Rudy, dicevo, l’ho incontrato quando ormai stavo per perdermi del tutto. Dopo non so più quanti giorni da quel maledettissimo 11 Settembre sono rientrata in casa di notte. Non ci mettevo piede dalla mattina dell’attacco. Ero in trance, non mangiavo da giorni e avevo ormai perso la speranza che Jo fosse vivo. Volevo farla finita. Avevo abbastanza sonnifero da riuscirci senza sforzi ed ero così esausta che bastava solo ingollare le pasticche , scolare la bottiglia di Whisky e sdraiarmi. Nessuno sarebbe venuto a cercarmi. Ho preso il barattolo di pillole e mentre cercavo tra le bottiglie in cucina ho sentito una puzza che mi ha rivoltato lo stomaco. Era la spazzatura. Ho chiuso gli occhi e sentito la voce di Jo.
“Stanotte non ce la faccio a buttare la spazzatura. Ci vai tu?”
“Cazzo Jo, non le alzi mai le chiappe da quel divano”.
“Senti chi parla. Io domani vado a lavorare, mentre tu stai qui a poltrire”.
Era vero. Lui lavorava per entrambi. Io studiavo per laurearmi e lui portava il pane a casa.
“Diventerai un avvocato di successo, Sara e poi mi devi mantenere quando tornerò io a studiare”, mi diceva quando avevo di fronte un test difficile e mi scoraggiavo.
Eravamo arrivati a New York, lasciandoci il passato e Omaha alle spalle. Io con la mia borsa di studio per il college e lui con un contatto per andare a lavorare in un cantiere vicino al ponte di Brooklyn. Stavamo insieme dal liceo e persino la Grande Mela non era riuscita a separarci.
Alla fine nessuno dei due era sceso quella notte.
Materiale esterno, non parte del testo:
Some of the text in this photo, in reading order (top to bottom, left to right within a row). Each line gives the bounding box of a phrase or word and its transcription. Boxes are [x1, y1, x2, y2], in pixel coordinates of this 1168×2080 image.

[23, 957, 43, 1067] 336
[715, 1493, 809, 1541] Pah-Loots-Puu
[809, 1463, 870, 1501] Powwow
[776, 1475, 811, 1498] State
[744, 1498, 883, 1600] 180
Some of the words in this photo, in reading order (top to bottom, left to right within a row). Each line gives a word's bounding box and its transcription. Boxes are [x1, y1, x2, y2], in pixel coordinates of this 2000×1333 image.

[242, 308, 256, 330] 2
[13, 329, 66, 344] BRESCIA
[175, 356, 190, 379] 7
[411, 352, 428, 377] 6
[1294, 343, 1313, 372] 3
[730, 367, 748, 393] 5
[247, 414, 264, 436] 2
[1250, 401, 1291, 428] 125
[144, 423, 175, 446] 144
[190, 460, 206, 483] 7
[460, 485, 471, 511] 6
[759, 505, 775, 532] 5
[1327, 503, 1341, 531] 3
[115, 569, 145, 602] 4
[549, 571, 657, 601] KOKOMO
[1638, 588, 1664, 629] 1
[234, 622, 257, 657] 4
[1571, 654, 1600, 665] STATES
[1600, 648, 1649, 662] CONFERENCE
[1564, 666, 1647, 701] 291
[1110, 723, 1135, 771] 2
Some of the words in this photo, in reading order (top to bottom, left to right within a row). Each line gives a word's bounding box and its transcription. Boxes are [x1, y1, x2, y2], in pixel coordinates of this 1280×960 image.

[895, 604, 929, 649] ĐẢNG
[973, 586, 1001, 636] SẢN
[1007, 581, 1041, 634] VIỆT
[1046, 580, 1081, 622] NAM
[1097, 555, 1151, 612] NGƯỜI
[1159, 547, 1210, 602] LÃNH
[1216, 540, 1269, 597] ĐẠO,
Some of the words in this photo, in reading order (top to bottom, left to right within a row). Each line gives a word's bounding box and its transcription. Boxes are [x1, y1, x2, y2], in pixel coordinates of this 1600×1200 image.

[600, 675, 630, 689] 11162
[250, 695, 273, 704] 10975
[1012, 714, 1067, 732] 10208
La pattumiera poteva aspettare. C’eravamo infilati a letto e i baci avevano cancellato i battibecchi. Poi la mattina lui si era svegliato e prima di uscire mi aveva portato il caffè a letto. Bollente e amaro, ma addolcito dal suo sorriso.
“Ci vediamo stasera”.
Ho riaperto gli occhi e invece delle pillole ho preso la pattumiera e la bottiglia di Whisky. Mi sono infilata il giaccone e sono scesa in strada. Stavo buttando il sacco assieme agli altri a bordo del marciapiede, quando ho visto Rudy. Stava rovistando nei sacchi.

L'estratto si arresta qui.